Copy out the entries word for word, leaving images aside.

*** Supplied material Section Begins ***

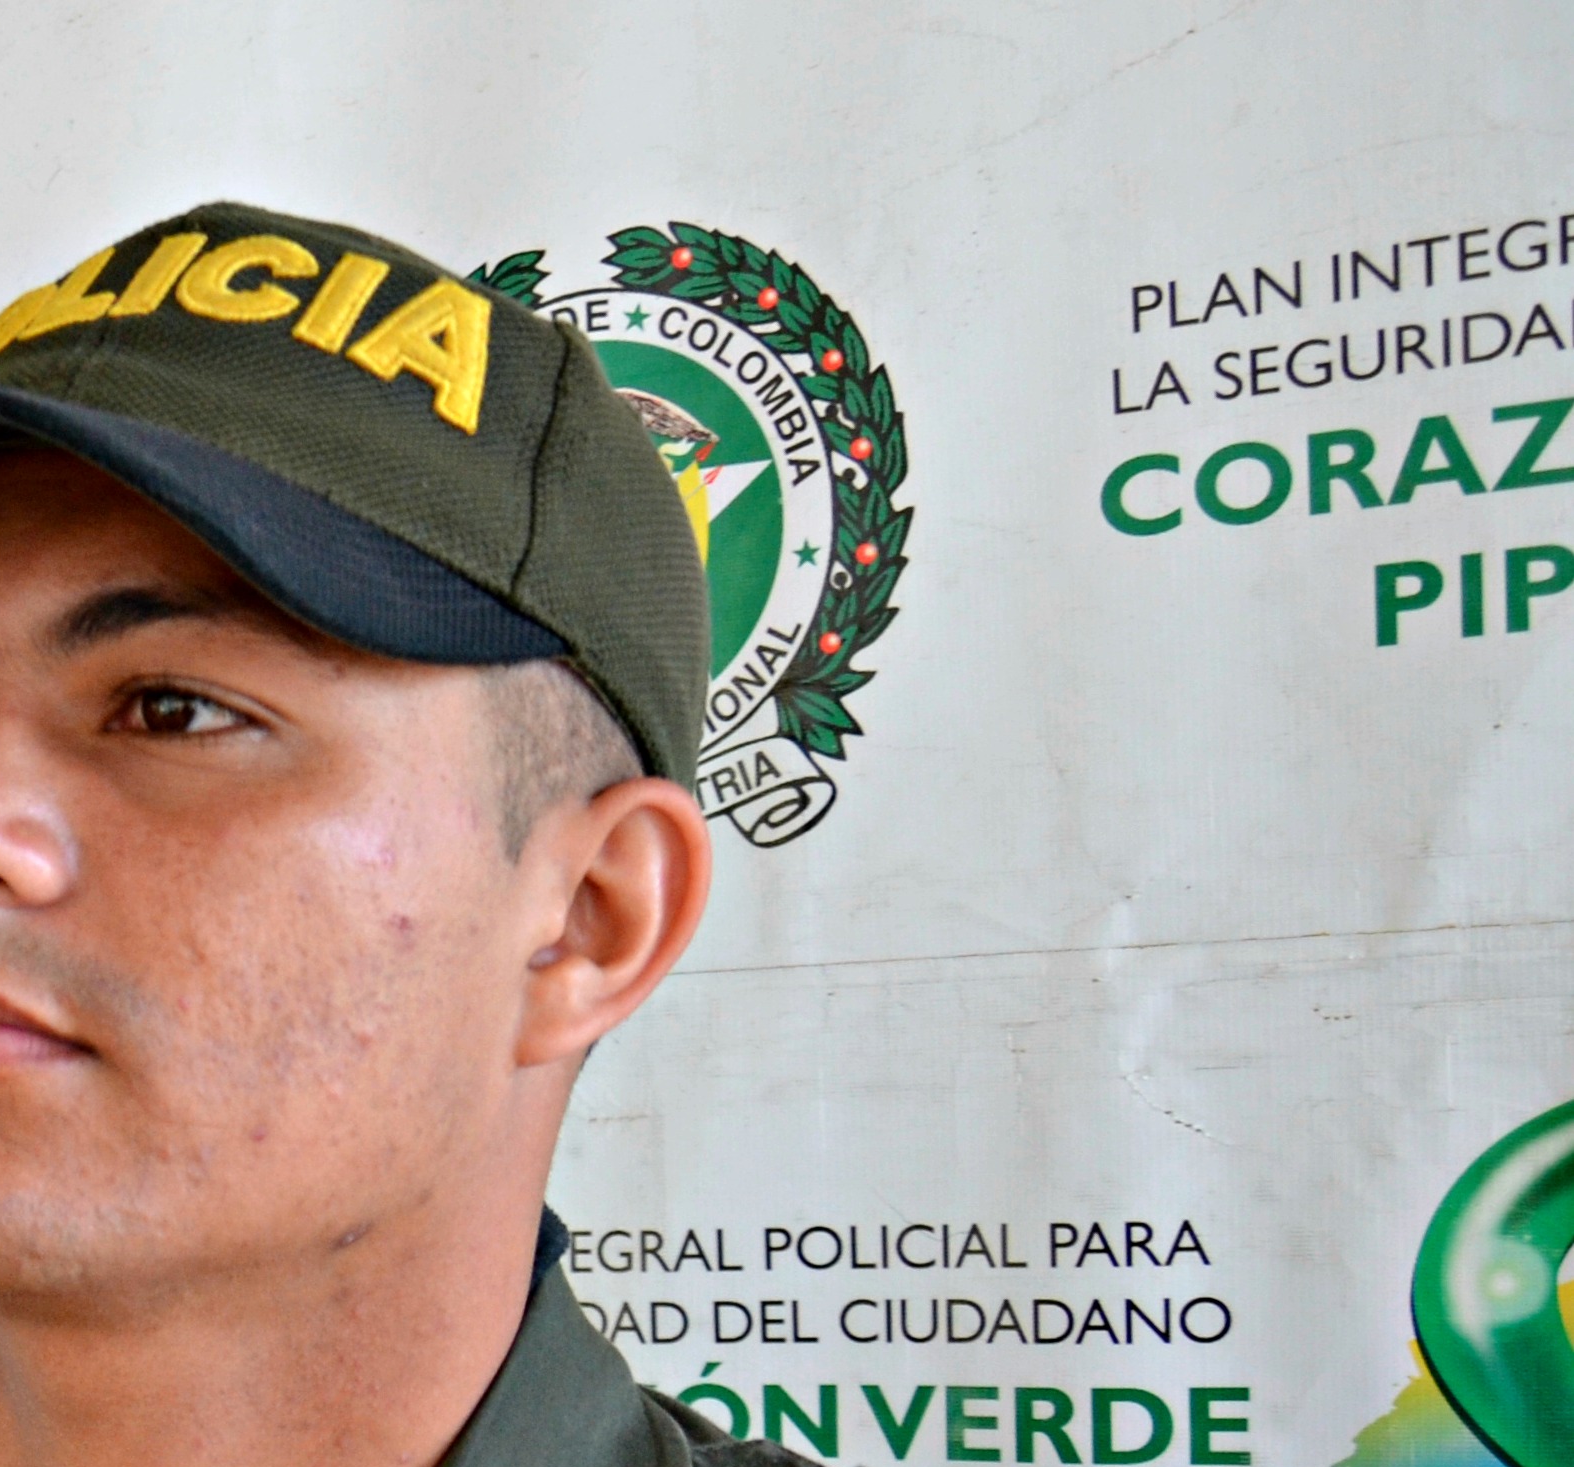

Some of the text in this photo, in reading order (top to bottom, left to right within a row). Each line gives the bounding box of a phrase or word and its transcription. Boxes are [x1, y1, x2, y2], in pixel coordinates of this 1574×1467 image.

[1131, 260, 1303, 333] PLAN
[658, 306, 824, 487] COLOMBIA
[1112, 303, 1574, 415] LA SEGURIDA
[704, 622, 804, 734] IONAL
[696, 750, 782, 812] TRIA
[570, 1219, 1212, 1274] EGRAL POLICIAL PARA
[713, 1300, 820, 1345] DEL
[839, 1296, 1234, 1346] CIUDADANO
[860, 1384, 1253, 1467] VERDE

*** Supplied material Section Ends ***

■ The answer:
Some of the text in this photo, in reading order (top to bottom, left to right within a row). Each line gives the bounding box of a phrase or word and its transcription. Boxes are [x1, y1, x2, y2], in pixel coordinates of this 1574×1467 image.

[1131, 260, 1303, 333] PLAN
[658, 306, 824, 487] COLOMBIA
[1112, 303, 1574, 415] LA SEGURIDA
[704, 622, 804, 734] IONAL
[696, 750, 782, 812] TRIA
[570, 1219, 1212, 1274] EGRAL POLICIAL PARA
[713, 1300, 820, 1345] DEL
[839, 1296, 1234, 1346] CIUDADANO
[860, 1384, 1253, 1467] VERDE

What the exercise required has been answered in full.